水稲「密苗」普及へ/専防除薬剤の実証開始

2020.05.26
側条施用機を新たに装着した密苗移植機で田植えをするJA職員

JAは、水稲で高密度播種育苗した「密苗」の防除薬剤の実証実験を始めました。JAの密苗専用田植え機に、側条施薬機を装着。5月20日には、JA職員が密苗を移植しました。側条施用剤の初期病害虫の防除効果を調べ、技術確立を目指します。
実証田は西条町の下三永農事組合法人に設置し、全農ひろしまと農薬メーカーが協力。実証では、10㌃当たり1㌔を移植と同時に処理しました。側条施用の登録があり、令和元年に多発したウンカ類に効果の高い薬剤を使用。法人代表の高尾昭臣さんは「密苗で、労力とコストが軽減できる。技術が確立すれば増やしていきたい」と期待します。
密苗は、通常の2倍の種もみをまき、慣行と同じ3、4本ずつ移植します。初期防除で主流の箱処理剤は、農薬使用基準で1箱当たり施用量が主に50㌘と定められ、密苗では、面積当たり換算で投薬量が不足し、効果の安定性が課題でした。実証では、防除効果や稲の生育を調査します。
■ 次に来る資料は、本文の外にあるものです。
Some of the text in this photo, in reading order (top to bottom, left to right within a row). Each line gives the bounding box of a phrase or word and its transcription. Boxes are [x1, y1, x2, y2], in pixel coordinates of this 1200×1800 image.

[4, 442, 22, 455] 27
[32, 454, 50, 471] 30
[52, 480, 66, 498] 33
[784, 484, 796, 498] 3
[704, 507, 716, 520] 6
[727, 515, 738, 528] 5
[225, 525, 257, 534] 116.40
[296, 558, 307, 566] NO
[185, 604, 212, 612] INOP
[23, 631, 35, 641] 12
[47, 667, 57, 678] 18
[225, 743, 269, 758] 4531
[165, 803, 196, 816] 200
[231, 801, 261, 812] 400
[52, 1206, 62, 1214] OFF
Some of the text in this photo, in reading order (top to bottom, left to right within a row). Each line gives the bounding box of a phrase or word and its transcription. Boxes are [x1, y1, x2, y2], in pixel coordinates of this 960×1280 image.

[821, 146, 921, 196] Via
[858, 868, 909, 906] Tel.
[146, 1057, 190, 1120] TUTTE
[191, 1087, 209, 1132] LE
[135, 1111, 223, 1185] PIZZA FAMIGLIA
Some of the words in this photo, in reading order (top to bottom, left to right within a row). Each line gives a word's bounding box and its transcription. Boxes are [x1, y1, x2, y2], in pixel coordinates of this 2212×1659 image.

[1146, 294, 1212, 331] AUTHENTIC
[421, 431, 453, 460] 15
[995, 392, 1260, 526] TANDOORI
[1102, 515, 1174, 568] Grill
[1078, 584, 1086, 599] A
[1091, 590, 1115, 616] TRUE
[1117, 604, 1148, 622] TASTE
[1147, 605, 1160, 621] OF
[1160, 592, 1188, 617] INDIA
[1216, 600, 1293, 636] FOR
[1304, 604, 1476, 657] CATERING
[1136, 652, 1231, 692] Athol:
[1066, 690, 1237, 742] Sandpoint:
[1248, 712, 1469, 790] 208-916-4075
管内では、JAが2018年、密苗専用田植え機2台を導入。貸し出しで集落営農法人を中心に普及が進んでいます。JAは育苗も手掛け、2020年度は約8300箱を提供します。
JA営農販売課の橋本係長は「懸念されていた初期の防除効果を実証することで、一層の普及につなげたい」と話します。